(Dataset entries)

--

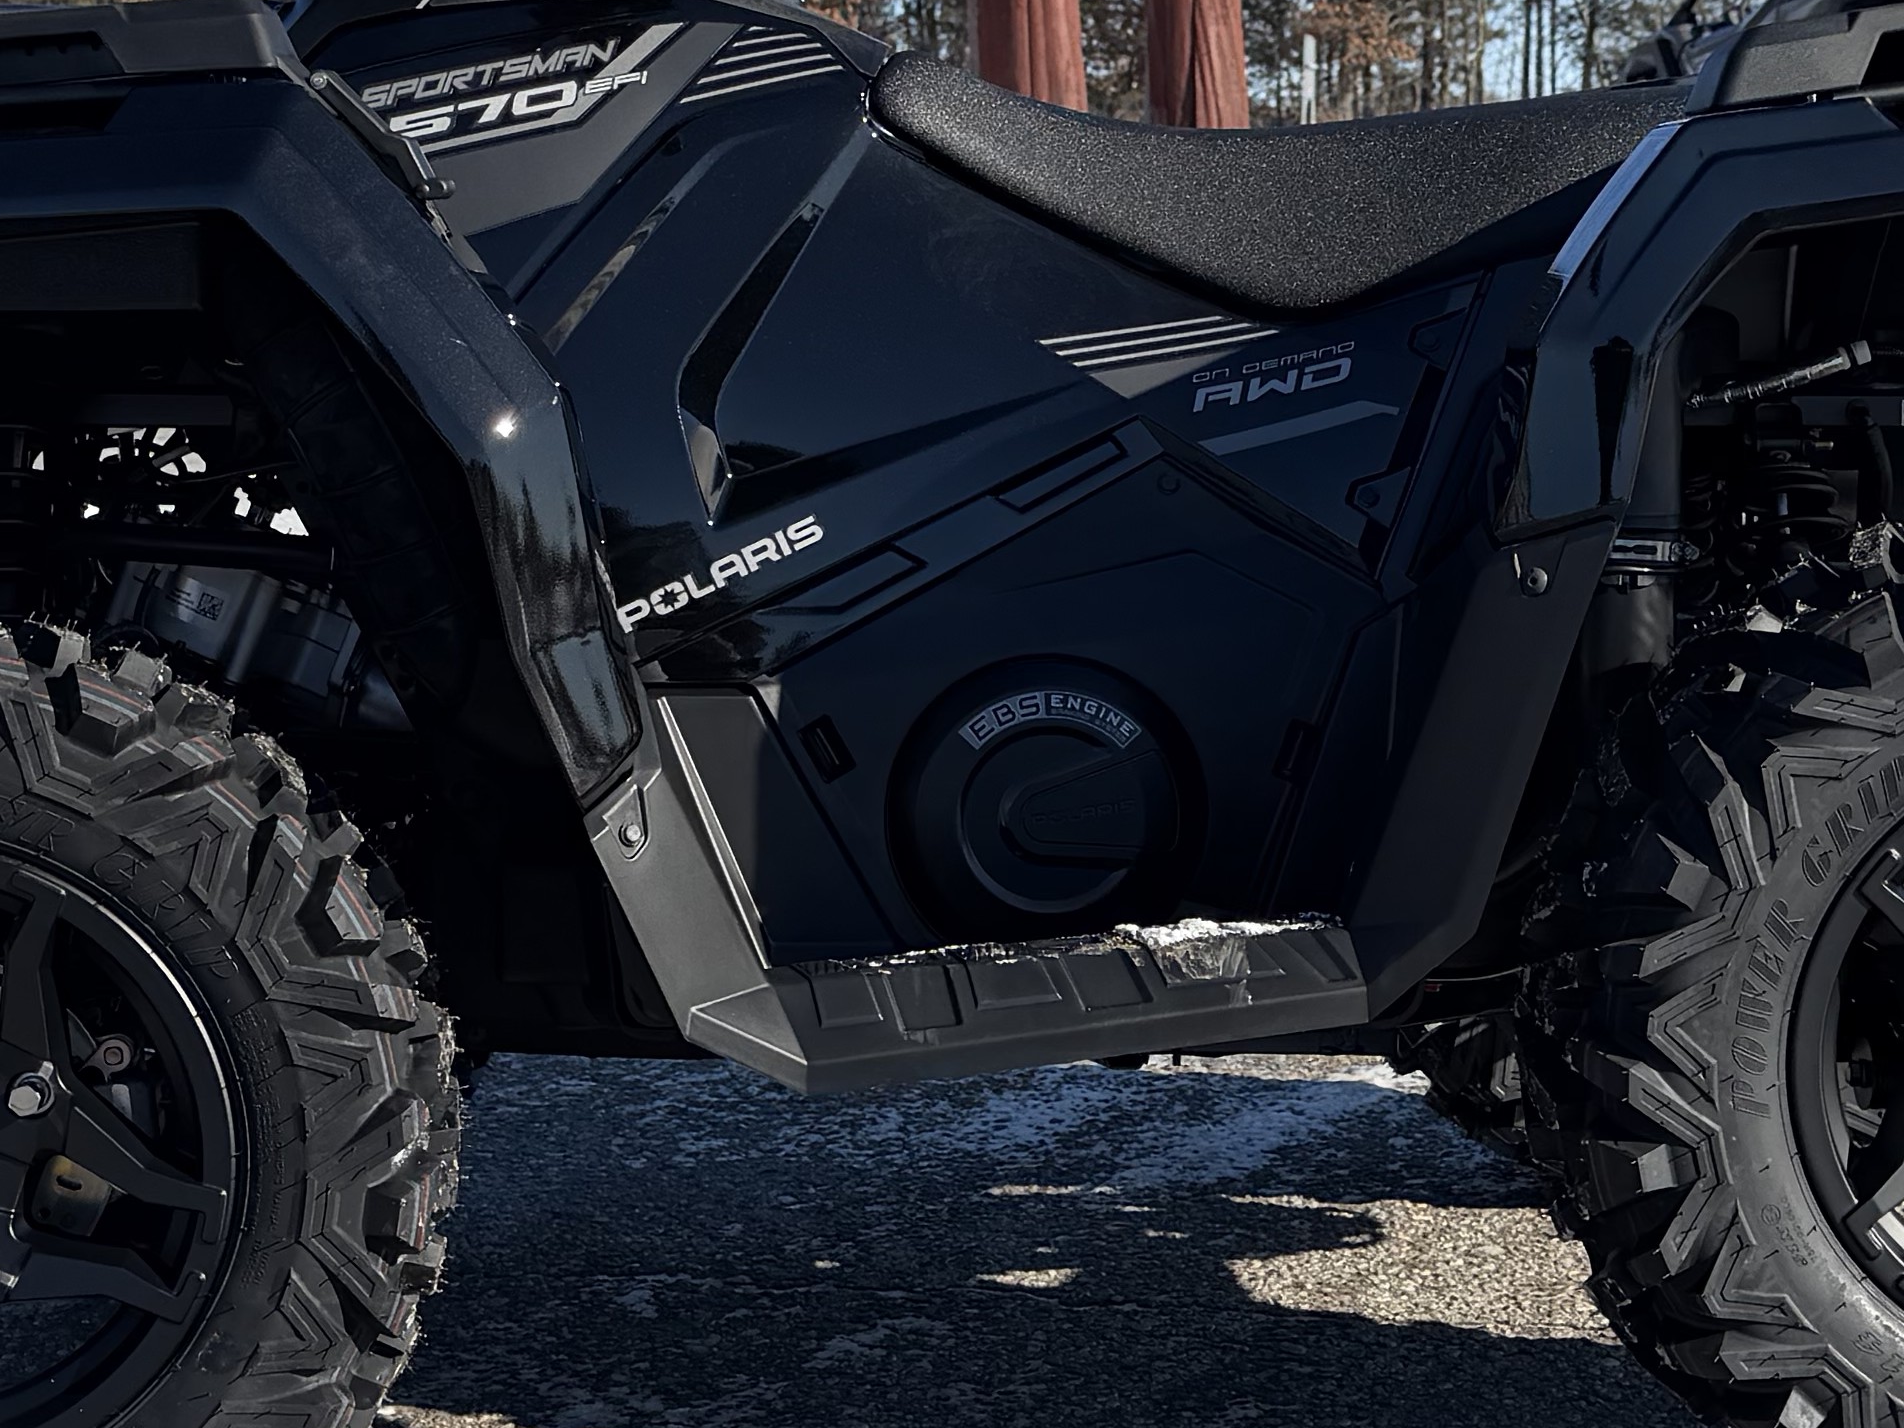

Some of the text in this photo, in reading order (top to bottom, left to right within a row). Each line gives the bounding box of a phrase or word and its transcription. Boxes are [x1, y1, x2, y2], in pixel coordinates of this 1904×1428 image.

[360, 36, 621, 108] SPORTSMAN
[389, 70, 647, 138] 570 EFI
[1193, 341, 1355, 383] ON DEMAND
[1193, 357, 1351, 412] AWD
[616, 515, 824, 633] POLARIS
[968, 695, 1040, 742] EBS
[1050, 694, 1135, 738] ENGINE
[93, 850, 240, 979] GRIP
[1731, 898, 1804, 1119] POWER
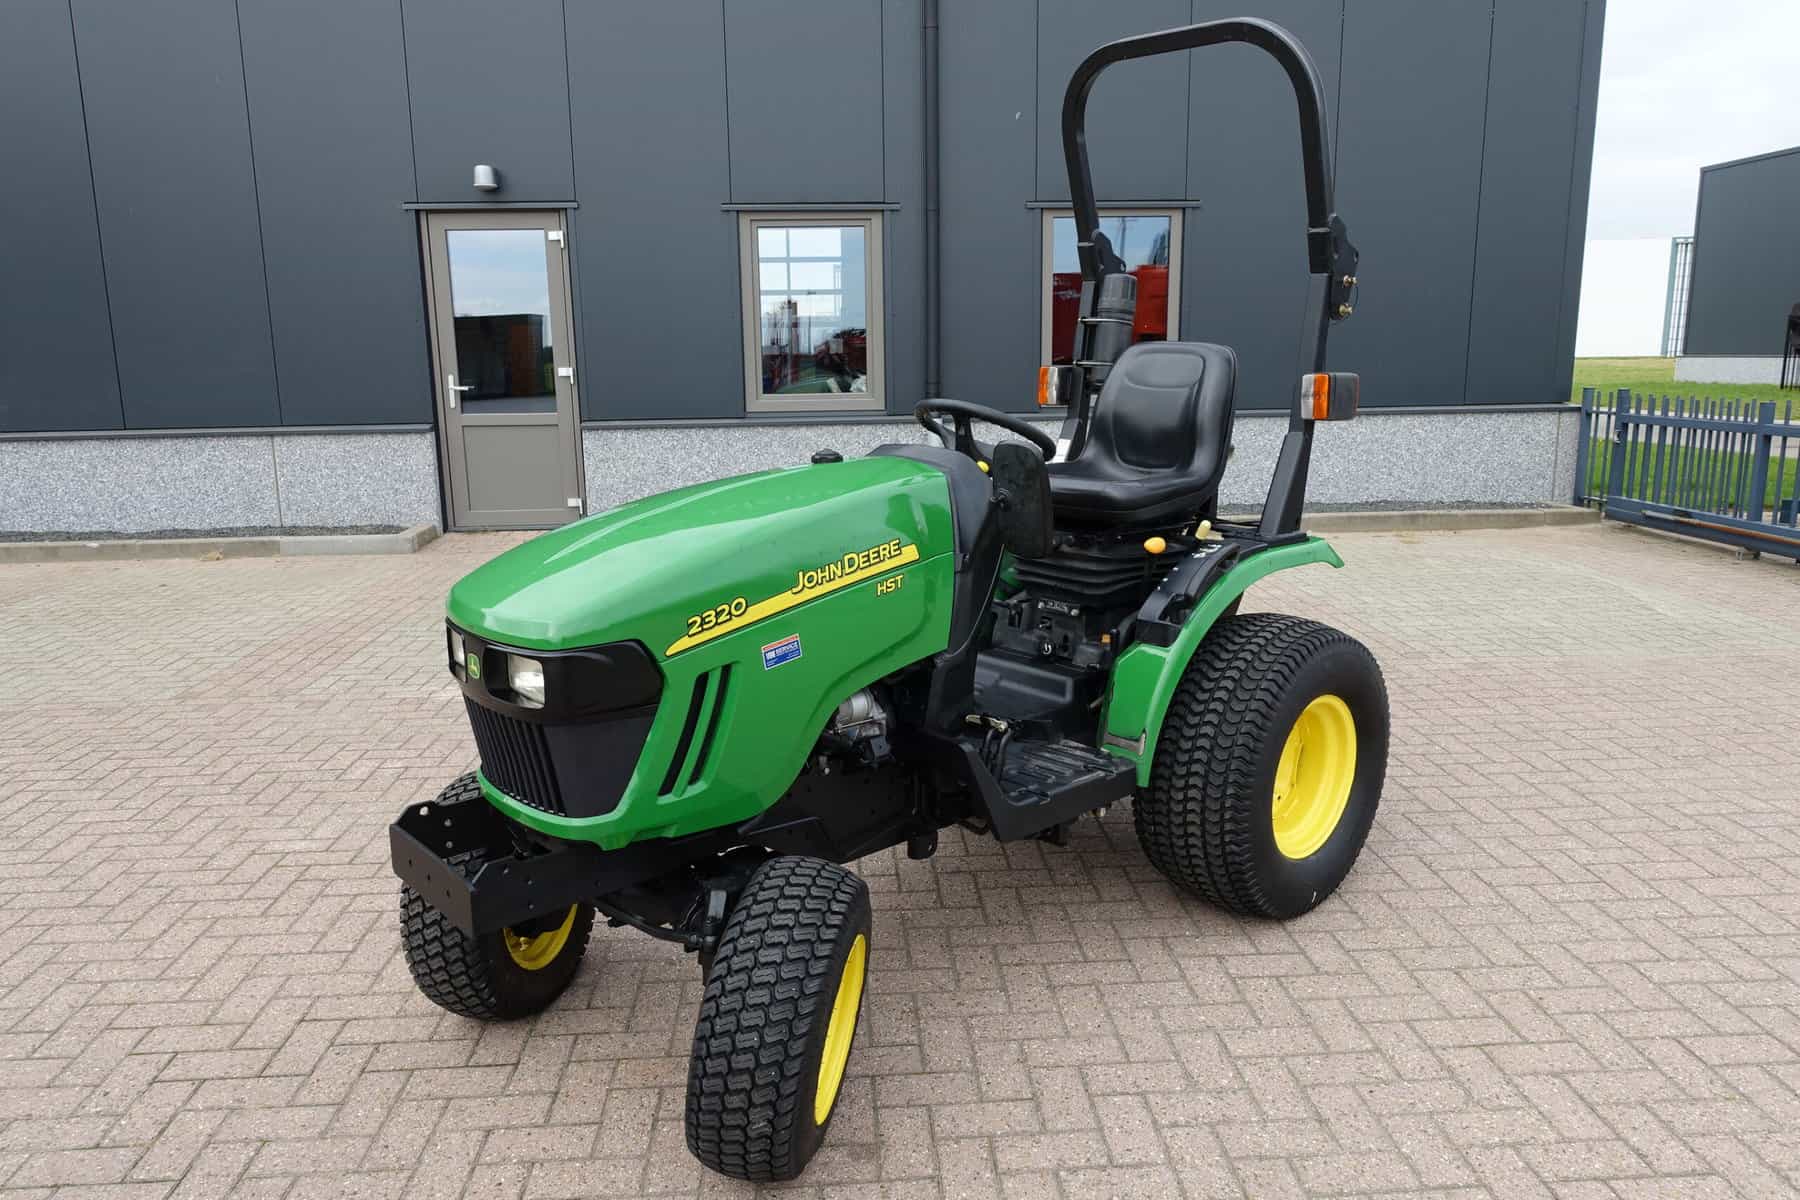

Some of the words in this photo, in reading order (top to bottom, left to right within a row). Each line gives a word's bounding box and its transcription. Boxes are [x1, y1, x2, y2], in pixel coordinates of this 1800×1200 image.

[792, 560, 843, 594] JOHN
[844, 539, 902, 574] DEERE
[876, 574, 904, 596] HST
[687, 597, 748, 637] 2320
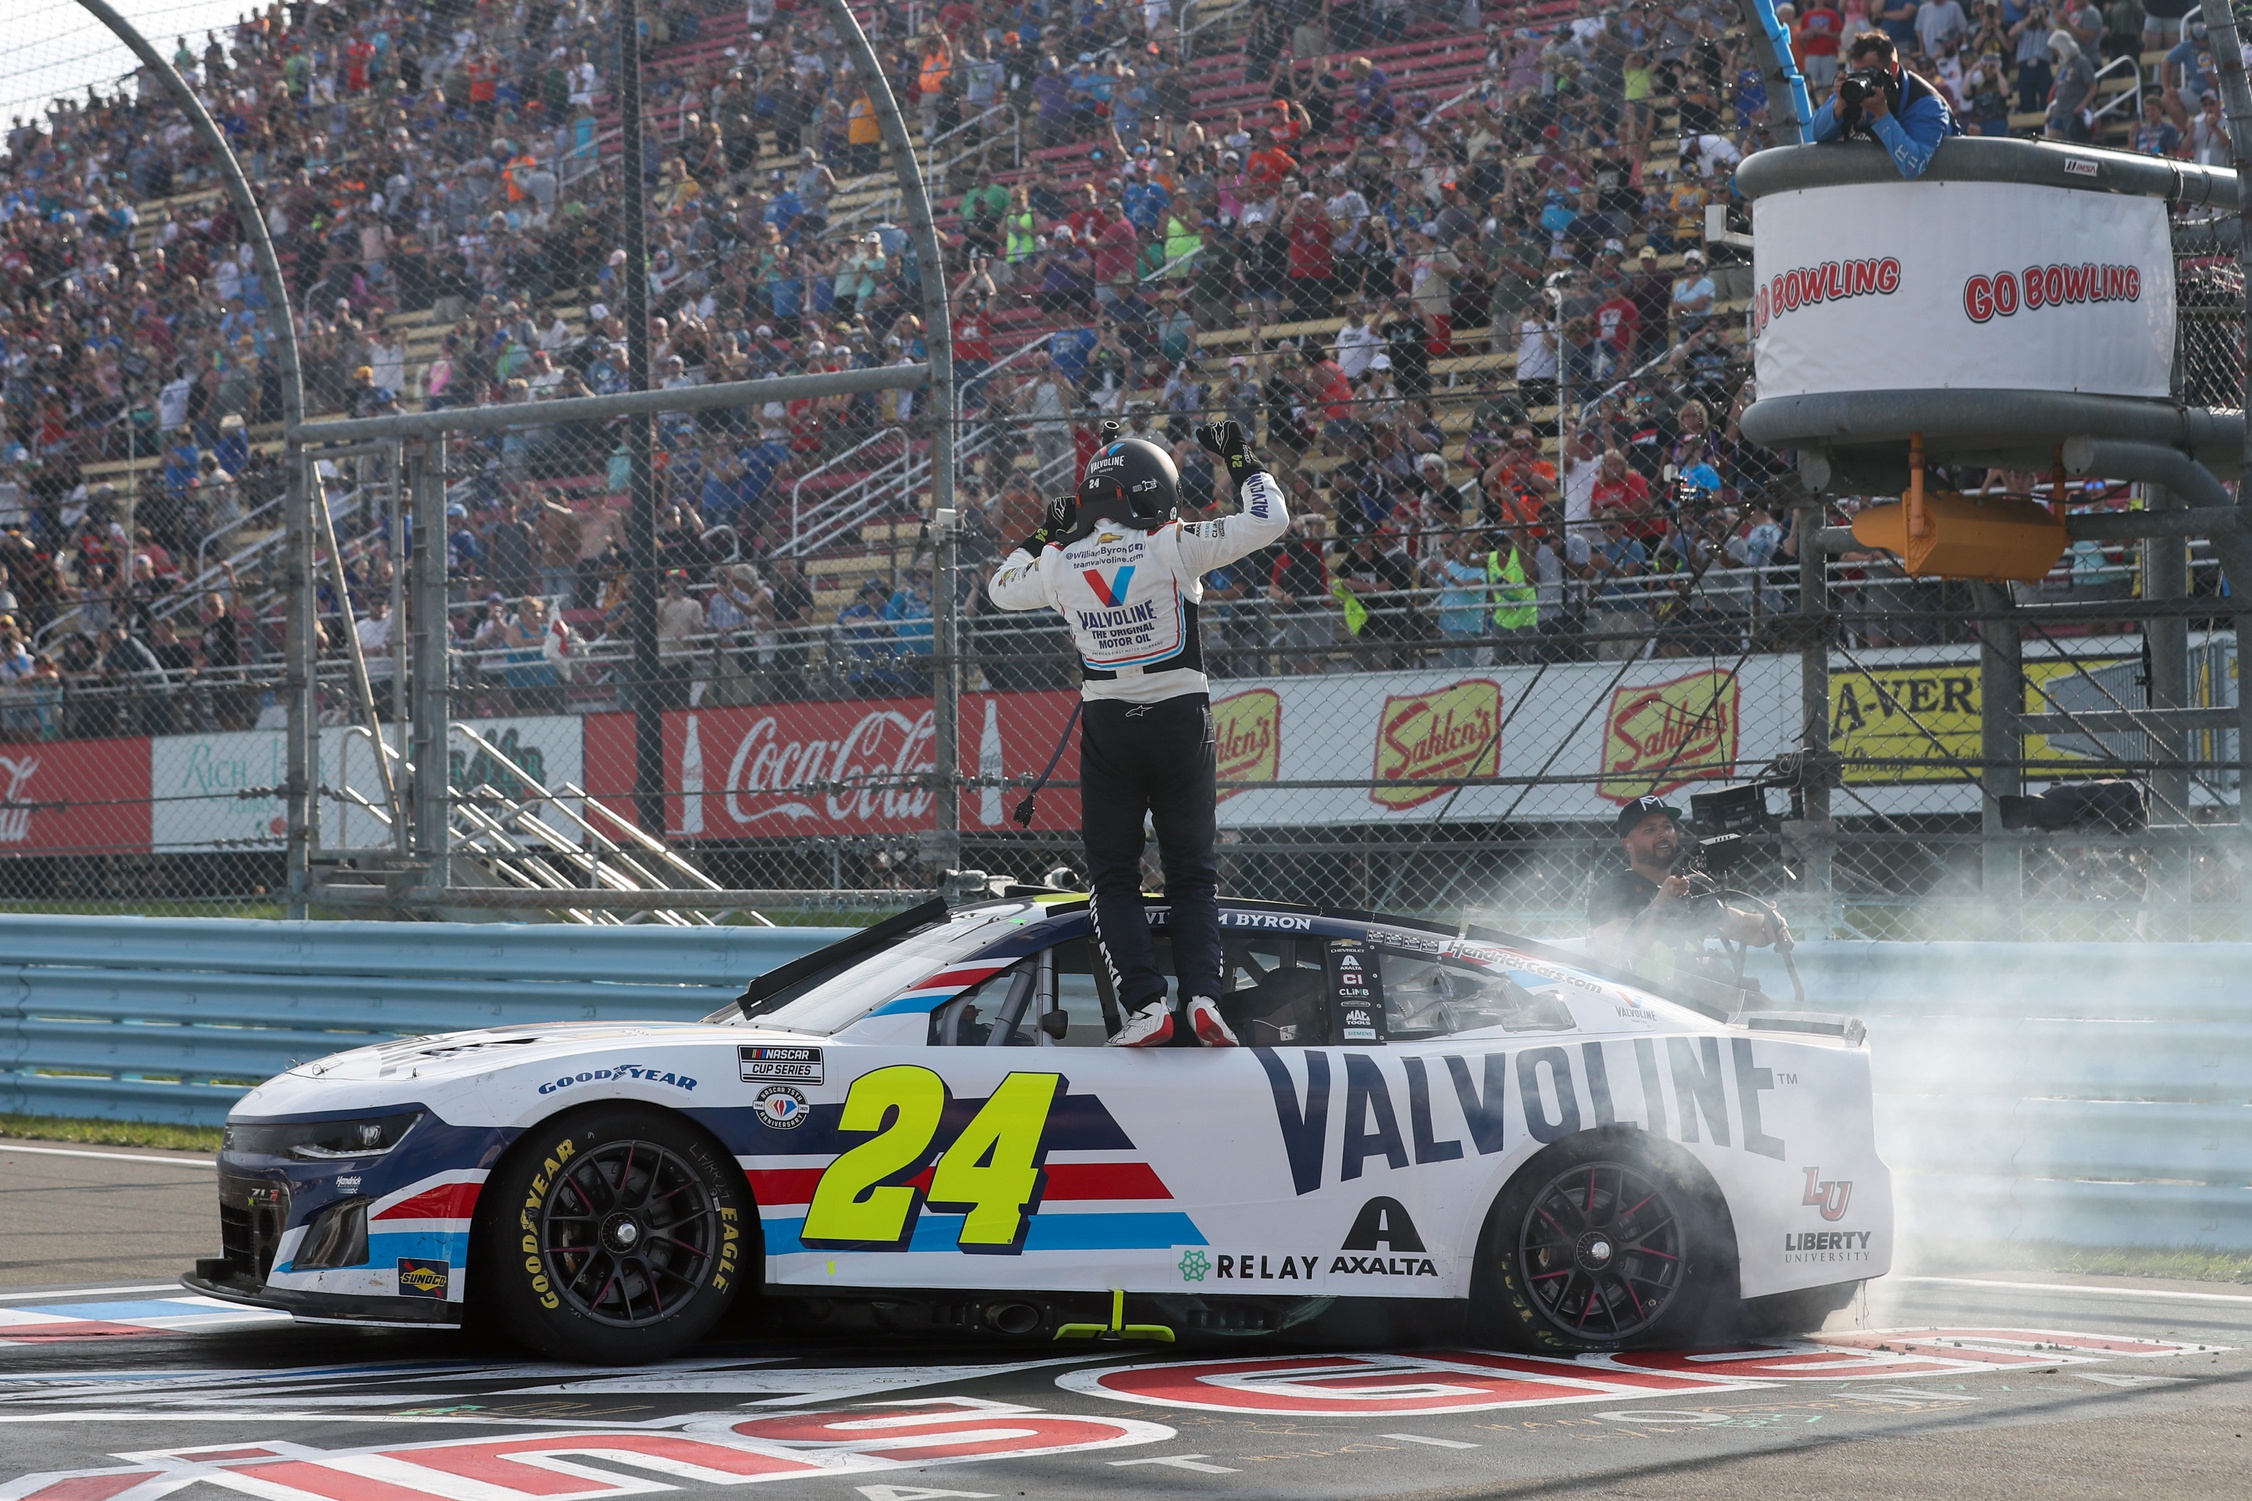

--

▶ **Task objective**
Word-for-word repeat, images excluded: return all the data.

▶ **Response below**
Some of the text in this photo, in reading order (top to bottom, left to right within a row). Each line gives the bounding box of a phrase or word and its transcription. Boxes are [x1, y1, x2, y2], in pixel coordinates of this 1904×1428 image.

[360, 36, 621, 108] SPORTSMAN
[389, 70, 647, 138] 570 EFI
[1193, 341, 1355, 383] ON DEMAND
[1193, 357, 1351, 412] AWD
[616, 515, 824, 633] POLARIS
[968, 695, 1040, 742] EBS
[1050, 694, 1135, 738] ENGINE
[93, 850, 240, 979] GRIP
[1731, 898, 1804, 1119] POWER

Some of the words in this photo, in reading order (top to bottom, left to right within a row). Each line gives a word's bounding box and its transcription. Boxes are [x1, y1, x2, y2], in pixel coordinates of this 1800×1200 image.

[792, 560, 843, 594] JOHN
[844, 539, 902, 574] DEERE
[876, 574, 904, 596] HST
[687, 597, 748, 637] 2320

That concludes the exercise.